Heyer, a man who identified as a woman for eight years and says he has helped “literally thousands” rediscover their birth sex after living as transgender, also supports the SAFE Act.
“Access to quality, scientifically proven care is critical,” Heyer, who runs the website SexChangeRegret.com, told The Daily Signal. “Unfortunately, blocking puberty in healthy adolescents, providing destructive hormones, or surgically removing healthy body parts is not scientifically proven care and the regrettable outcomes are well-documented.”
“Kids under 18 need the Arkansas SAFE Act to protect them from unnecessary medical or surgical interventions that thwart natural development and cause life-long harm,” Heyer argued. “Kids under 18 need adults to step up and shield them from influences driving the social contagion, such as school, peers, and social media.”
Heyer said that when children claim to identify as members of the opposite sex, that often traces back to psychological trauma, rather than a need to be affirmed as transgender. He said:
Kids need the assistance of trauma therapists to uncover and resolve adverse childhood experiences. Instead of encouraging kids on a path to unnecessary and destructive surgery, let’s affirm and love our young people just the way they are—as the boy or girl they were born to be. Let’s allow them to experience the natural sexual development of puberty and to explore all issues, including gender confusion, with a licensed professional.
Burleigh told The Daily Signal that his gender issues trace back to childhood trauma. He recounted having many problems as a child, such as a speech impediment, learning difficulties, and a lack of coordination.
“Even in the first grade, I didn’t seem to fit in very well with the boys and I had this thought that came into my mind that God made a mistake and I was a girl,” Burleigh said. He also suffered sexual abuse at the hands of his diving coach.
Burleigh kept these thoughts to himself for years, only opening up to his sister in college and transitioning at the age of 28 after reading journal articles that convinced him he had a female mind and the way to find happiness would be to change his body to conform to his mind.

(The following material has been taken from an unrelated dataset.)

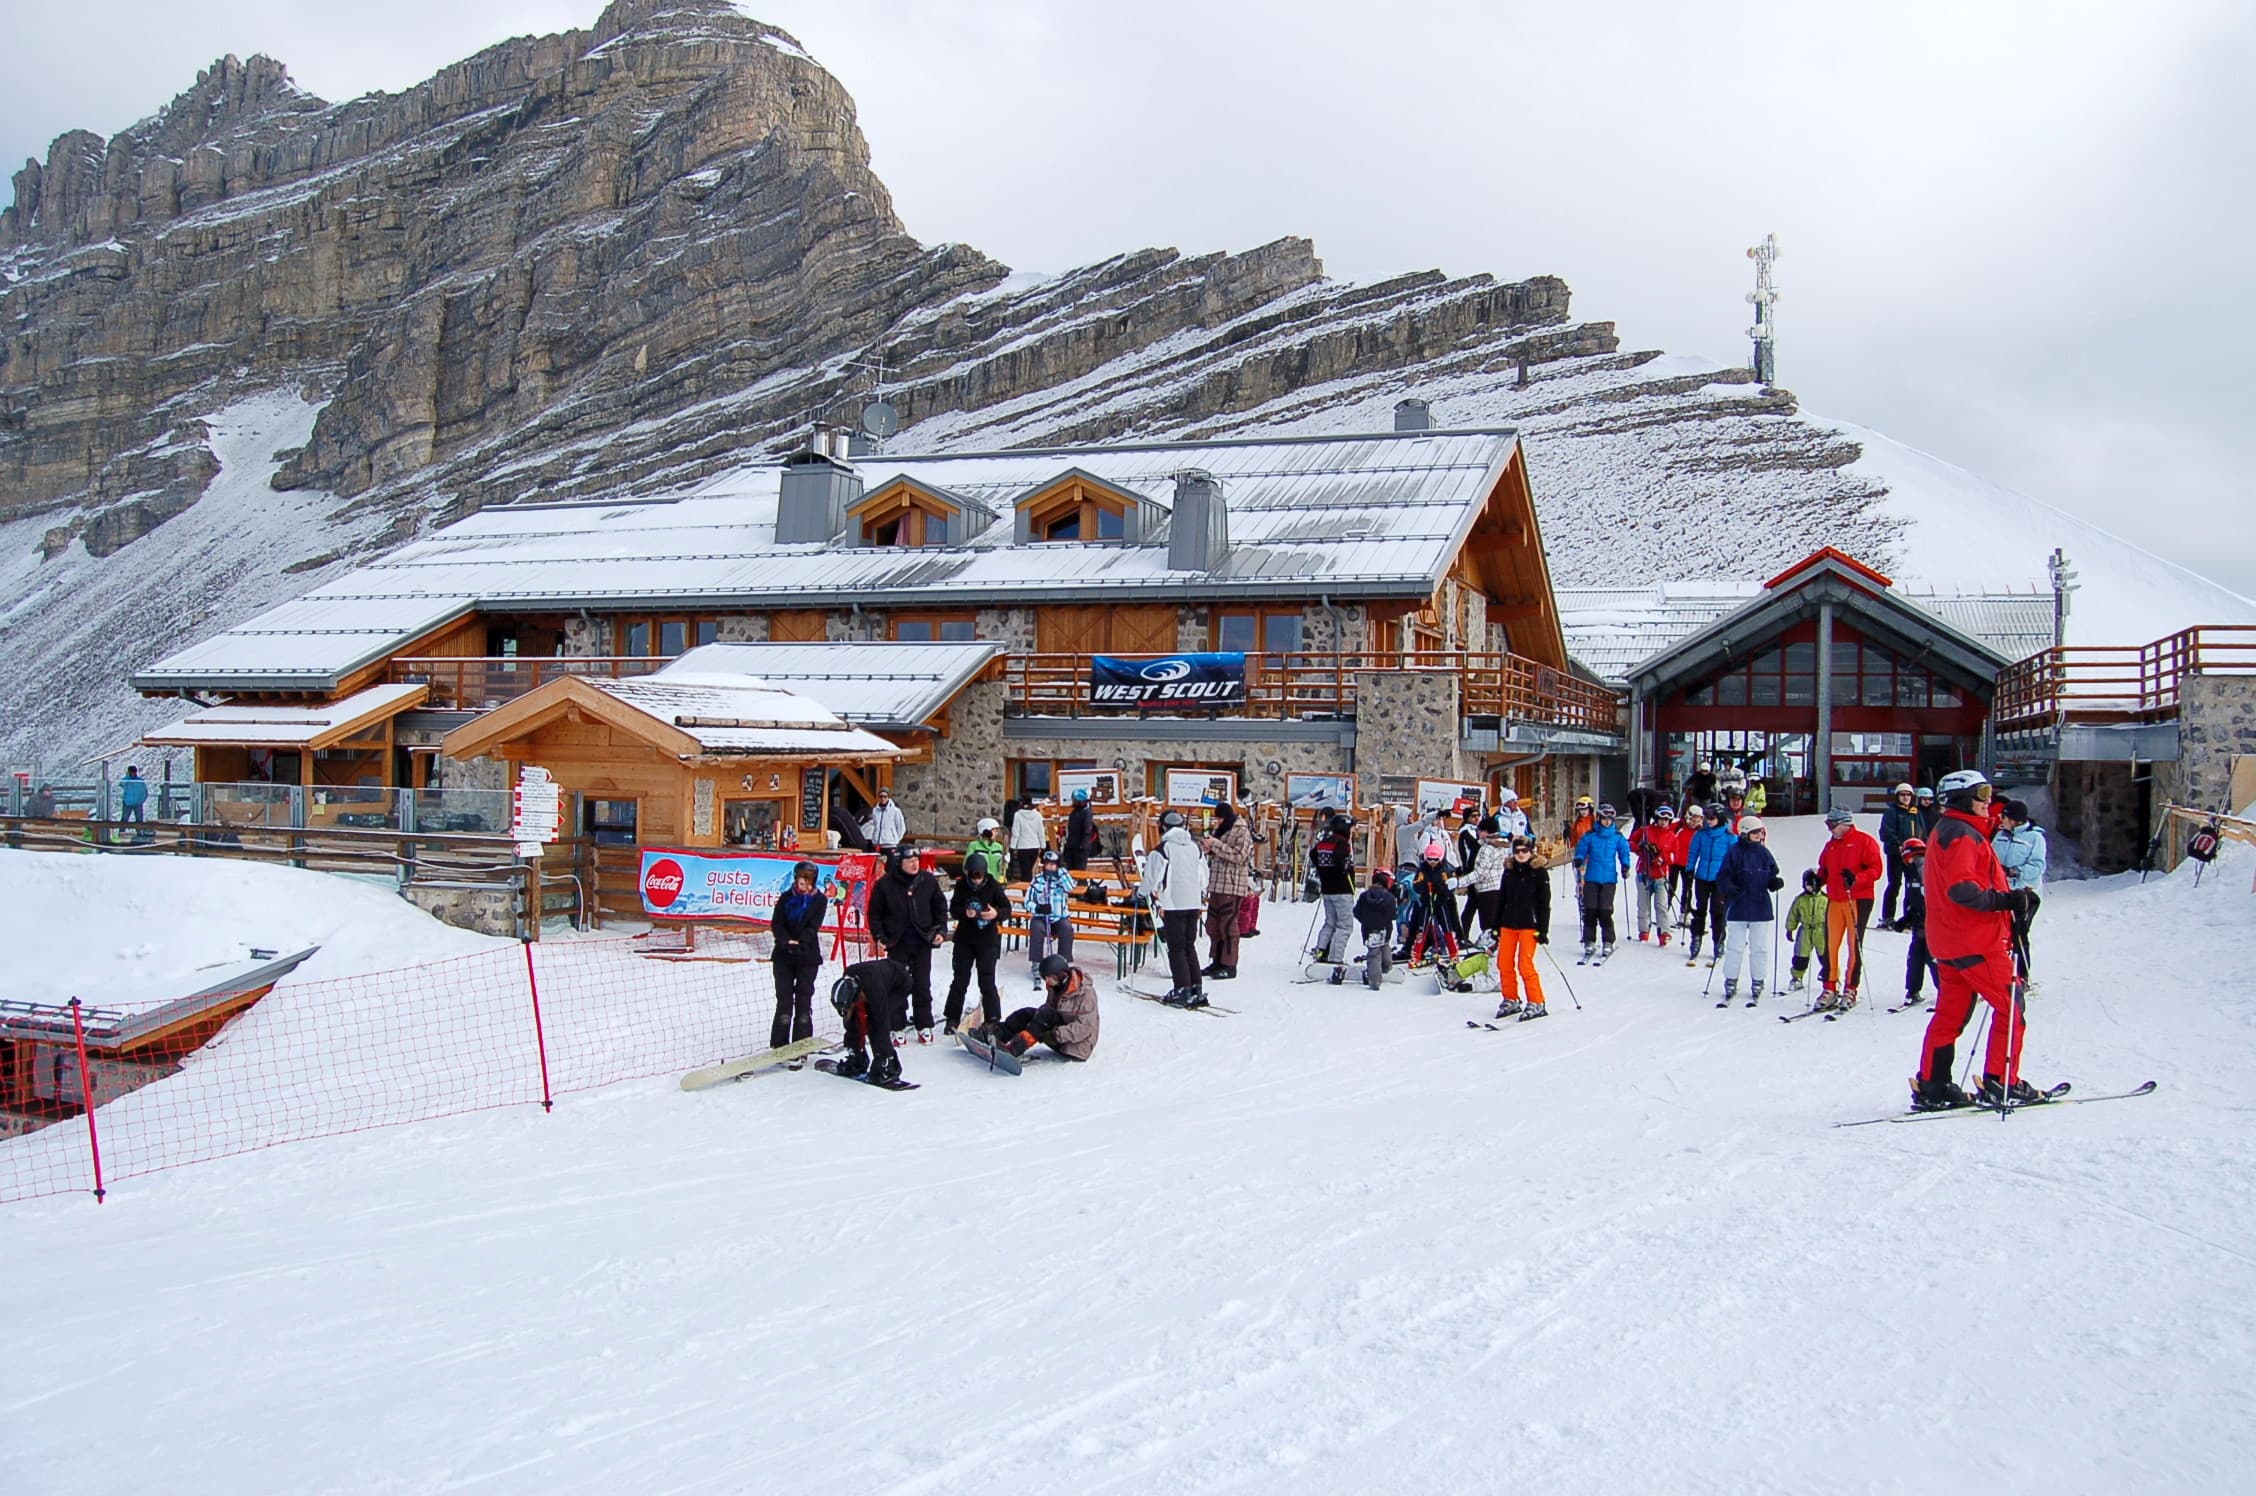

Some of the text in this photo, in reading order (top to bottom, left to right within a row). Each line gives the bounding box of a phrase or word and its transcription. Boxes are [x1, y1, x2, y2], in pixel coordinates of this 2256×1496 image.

After two years of hormone therapy, Burleigh underwent a vaginoplasty, to turn his male genitalia into a facsimile of the female version.
“The doctors couldn’t stop the bleeding,” he recounted. “I had additional gauze shoved into my man-made vagina and it was soaked with blood.” He said his planned two-week hospital stay stretched to three weeks, and he had to get a blood transfusion.

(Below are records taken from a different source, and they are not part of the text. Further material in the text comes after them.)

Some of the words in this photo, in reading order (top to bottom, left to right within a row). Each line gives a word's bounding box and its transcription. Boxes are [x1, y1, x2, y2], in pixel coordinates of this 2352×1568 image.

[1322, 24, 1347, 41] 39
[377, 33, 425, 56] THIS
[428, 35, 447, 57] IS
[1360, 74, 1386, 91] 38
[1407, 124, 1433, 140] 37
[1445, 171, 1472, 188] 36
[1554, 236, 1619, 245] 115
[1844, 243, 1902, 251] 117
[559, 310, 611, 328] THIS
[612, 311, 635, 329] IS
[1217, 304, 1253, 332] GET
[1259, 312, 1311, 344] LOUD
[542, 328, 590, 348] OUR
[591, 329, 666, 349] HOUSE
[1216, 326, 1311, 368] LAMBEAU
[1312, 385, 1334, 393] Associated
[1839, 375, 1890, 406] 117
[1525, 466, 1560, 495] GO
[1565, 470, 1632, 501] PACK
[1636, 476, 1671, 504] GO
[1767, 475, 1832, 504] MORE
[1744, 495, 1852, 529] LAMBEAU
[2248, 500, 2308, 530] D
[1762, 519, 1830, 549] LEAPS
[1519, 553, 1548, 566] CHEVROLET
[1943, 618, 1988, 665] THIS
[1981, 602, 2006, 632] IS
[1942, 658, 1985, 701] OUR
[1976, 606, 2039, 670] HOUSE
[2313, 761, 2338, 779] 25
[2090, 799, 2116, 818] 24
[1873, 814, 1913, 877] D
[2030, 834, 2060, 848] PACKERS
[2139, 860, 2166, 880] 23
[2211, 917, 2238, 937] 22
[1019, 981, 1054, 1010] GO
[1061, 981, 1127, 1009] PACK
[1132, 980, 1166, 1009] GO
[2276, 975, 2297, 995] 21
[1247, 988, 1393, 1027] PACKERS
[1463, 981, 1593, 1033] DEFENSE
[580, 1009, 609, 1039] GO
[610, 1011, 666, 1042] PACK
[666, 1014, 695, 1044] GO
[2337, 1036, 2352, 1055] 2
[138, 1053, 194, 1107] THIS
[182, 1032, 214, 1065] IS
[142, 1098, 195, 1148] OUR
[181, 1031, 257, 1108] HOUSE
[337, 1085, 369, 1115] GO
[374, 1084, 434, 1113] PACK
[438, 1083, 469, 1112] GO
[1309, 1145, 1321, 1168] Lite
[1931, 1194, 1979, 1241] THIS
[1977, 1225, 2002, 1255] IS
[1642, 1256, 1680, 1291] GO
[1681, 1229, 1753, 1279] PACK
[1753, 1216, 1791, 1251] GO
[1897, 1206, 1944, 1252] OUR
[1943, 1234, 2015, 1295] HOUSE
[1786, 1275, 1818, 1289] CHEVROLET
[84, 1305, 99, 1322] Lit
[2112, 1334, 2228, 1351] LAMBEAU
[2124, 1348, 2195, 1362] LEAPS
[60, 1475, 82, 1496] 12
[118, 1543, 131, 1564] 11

Burleigh underwent other surgeries, but the problems worsened. “After doing this for seven years, I had more problems than when I started,” he said. He later transitioned back to male, undergoing a phalloplasty he described as “horrific.”
“I am permanently scarred,” Burleigh said. “I am scarred across my throat, I still have some breast tissue, I don’t have male genitalia.”
“In hindsight, I knew I was seeking acceptance, significance, and security,” he added. “I thought that I could find those by being a girl instead of just learning to be a boy and to be myself.”
“I want my message to go out that I took the wrong way, that government and teachers are saying that you have to get ‘gender-affirming care,’ but from my experience and from those I’ve spoken with, we all have childhood issues and many of us have been sexually abused,” Burleigh said.
“Children do not have awareness,” he added. “Their brains are not developed to the point to make an informed decision on such life-changing medical modifications. They’re not even responsible enough to go out and get a tattoo. How can you say they’re responsible to make this decision?”
“Children need help with the problems they’re having and not to be ‘gender-affirmed,’” he concluded.
The ACLU of Arkansas did not respond to The Daily Signal’s request for comment for this report.